MONITORING SPENT OR REPROCESSED NUCLEAR FUEL USING FAST NEUTRONS

Year
2011
Author(s)
Jerome Verbeke - Lawrence Livermore National Laboratory
Neal Snyderman - Lawrence Livermore National Laboratory
George F. Chapline - Lawrence Livermore National Laboratory
Abstract
Attempting to assay the Pu fraction in spent or reprocessed fuel by counting spontaneous fission neutrons immediately runs into the problem that the neutron signal from the spent fuel is dominated by the spontaneous fission neutrons from the 242Cm, 244Cm and 240Pu isotopes. We have found that this problem can be overcome by using fast neutron correlations to measure the number of induced fissions. When the spent fuel is placed inside a polyethylene moderator blanket and lead shield, the number of neutron induced fissions in 239Pu, 241Pu and 235U increases dramatically and this increase can be measured with an array of fast neutron counters.

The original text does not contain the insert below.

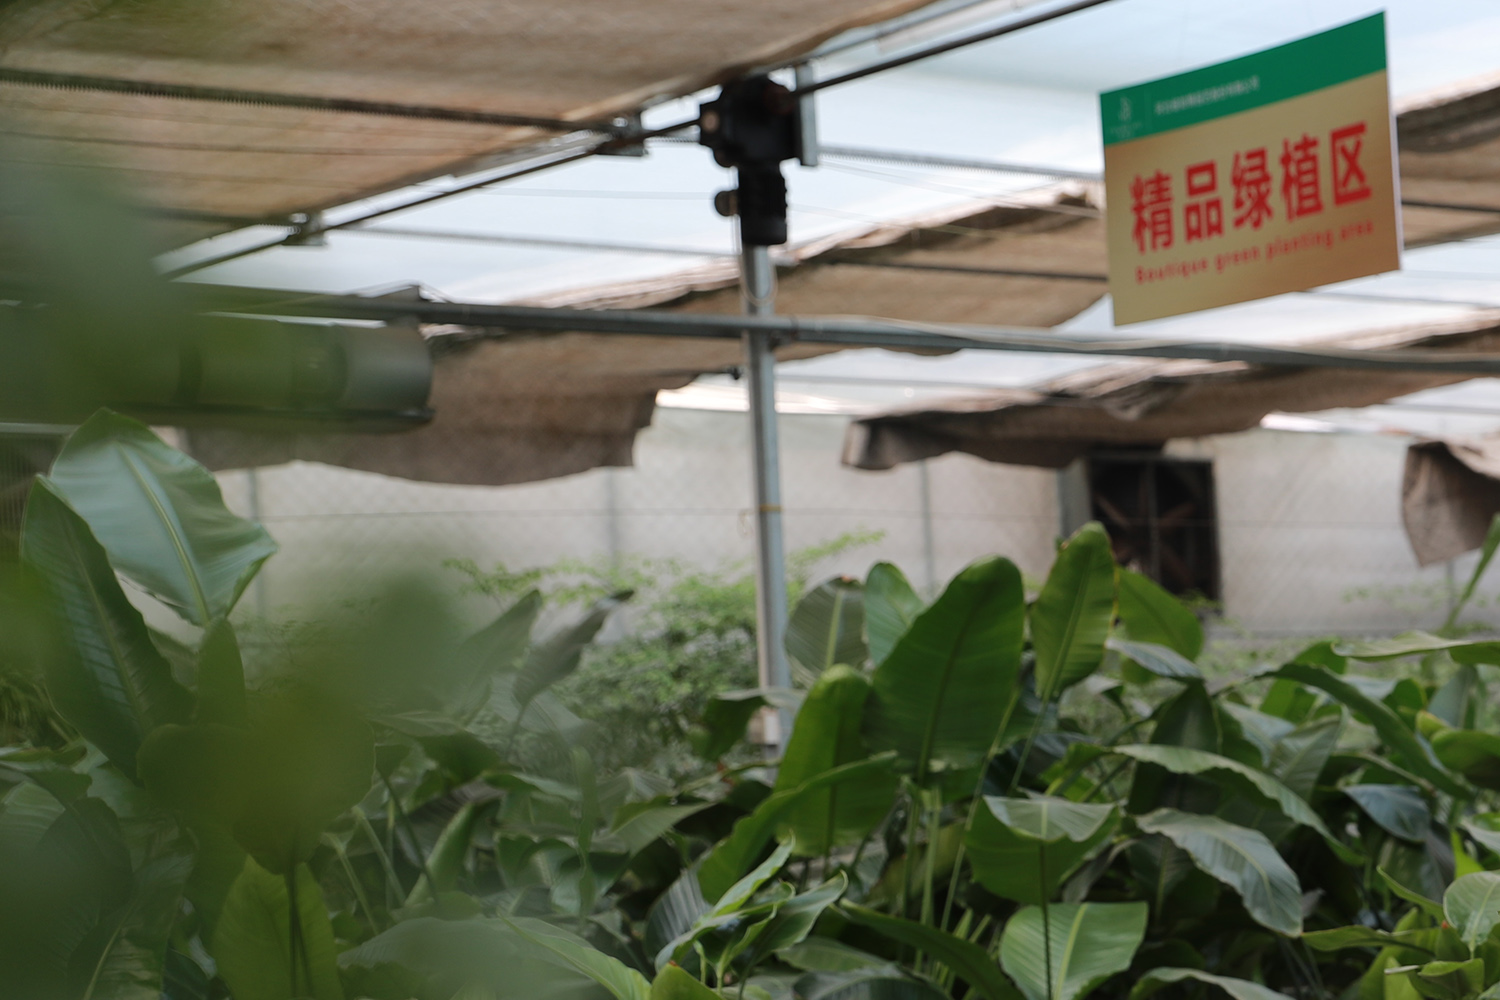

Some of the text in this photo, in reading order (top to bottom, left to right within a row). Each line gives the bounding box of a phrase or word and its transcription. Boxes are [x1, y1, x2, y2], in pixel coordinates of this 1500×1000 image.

[1130, 121, 1372, 255] 精品绿植区
[1135, 221, 1374, 284] Boutique green planting area

In the case of spent fuel, potential difficulties arise because of the need to shield the detectors from the very high gamma ray flux. However the gamma ray flux can be exponentially attenuated by using a lead shield about 1 mean free path thick for fast neutrons, which would still allow a fast neutron signal sufficient to allow one to determine the total amount of 239Pu, 241Pu and 235U.